In the Hanover neighbourhood, Aless Baylis and her partner bought one of the brightly coloured Victorian terraced houses that the area is famed for, after leaving east London seven years ago. “I liked the family-friendly atmosphere and being only 10 minutes’ walk from all the independent shops and galleries of the Lanes,” says Baylis, 37, a former illustrator who set up Pim Pam, a reusable nappy company, last year and has children aged one and three. “We’ve got three great state primary schools within walking distance.”
She originally wanted to move to Hove but was priced out. “Affordability is a big issue — and we couldn’t afford to buy our home now because it has increased over £100,000 in [the three years since they bought it],” she says. “I have friends who are teachers or other professionals who are having to move out to the fringes to afford a three-bedroom house for their budget of £400,000-£475,000 — to areas such as Hollingdean,” she adds.
Brighton is relatively bereft of major new-build developments but in this area in the north of Brighton a £150m regeneration of the former Preston Barracks site at Moulsecoomb will include Optivo’s Home X, a scheme of 369 new homes with affordable housing and shared ownership options, prices from £285,000 for a one-bed apartment. It includes the new University of Brighton campus and student accommodation.
In Hove, a little stretch of beachfront properties along the Western Esplanade is known as being the area’s “millionaires’ row”. The area is typically favoured by families for the fact it offers a bigger choice of houses with good-sized gardens, says Toby Powell of estate agency Winkworth. Hove Park and the three Pembroke roads are prime spots for their Victorian housing stock, and “Poet’s Corner”, a pocket of roads named after famous bards, is extremely popular.
“A month ago, we sold a three-bedroom house on Byron Street for just under £600,000 after back-to-back viewings all day. It went to a Brighton family but the viewings were split 50/50 between locals and Londoners.”
In recent years, property investors have been tempted to rent their homes on the short-term rental market, rather than to long-term tenants, says Powell. Numbers were hit by the pandemic, however. According to AirDNA, which tracks the short-term rentals market, the number of properties listed on Airbnb has reduced from 2,788 in August 2019 to 2,225 in August 2021. Among the new listings added this year is Maister’s, a two-bedroom mews cottage that he will live in himself during the winters.

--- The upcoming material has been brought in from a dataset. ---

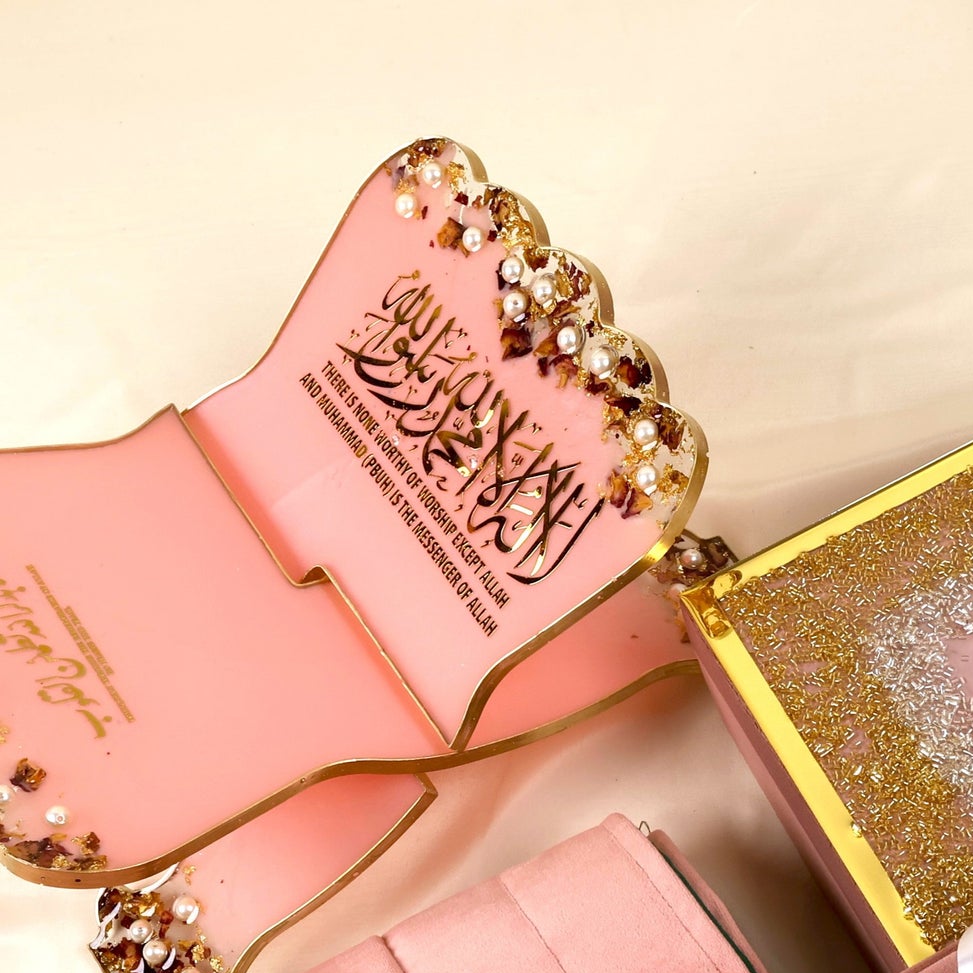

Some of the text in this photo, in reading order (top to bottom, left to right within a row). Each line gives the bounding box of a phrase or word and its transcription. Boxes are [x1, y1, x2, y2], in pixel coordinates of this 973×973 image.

[299, 373, 498, 637] AND MUHAMMAD (PBUH) IS THE MESSENGER OF ALLAH
[322, 360, 510, 609] THERE IS NONE WORTHY OF WORSHIP EXCEPT ALLAH

Some hosts have had to adapt since the pandemic, says Kelly Scales, founder of Airhost For You, a company that manages short-term rental properties. “When tourists stopped arriving, a number of flats were either used by key workers [for self-isolating] or have been booked for much longer periods by people renting here with a view to buying.” Yet large properties popular for big family gatherings, corporate lets or hen parties sat empty for long periods. “International tourists are still few and far between,” she says.
Caglione says the drop in international students — many of whom attend language schools — and the European restaurant staff who have departed is very noticeable in Brighton, and could have a lasting effect on the area. “The fresh influx of foreign arrivals the city relies on has not happened and next year some businesses might struggle.”
Brighton in East Sussex is 47 miles south of London. There are railway stations at Brighton (Queens Road), Preston Park and Hove. The fastest train route to London is 52 minutes.
The average house price in Brighton & Hove has increased from £107,030 in 2000 to £393,160 in 2021, according to Hamptons, with a 63 per cent increase over the past decade.
Since 2016, the gap between the average property price in London and Brighton has fallen from £130,000 to £106,000.
What you can buy for . . .
£625,000 A two-bedroom period flat on Hove’s sought-after seafront Brunswick Terrace, for sale with Winkworth.
£1.1m A five-bedroom semi-detached Victorian villa in Hove, on the market with Hamptons.
£2.5m A five-bedroom Arts and Crafts-style house with outdoor pool, within walking distance of Roedean School, available through Winkworth.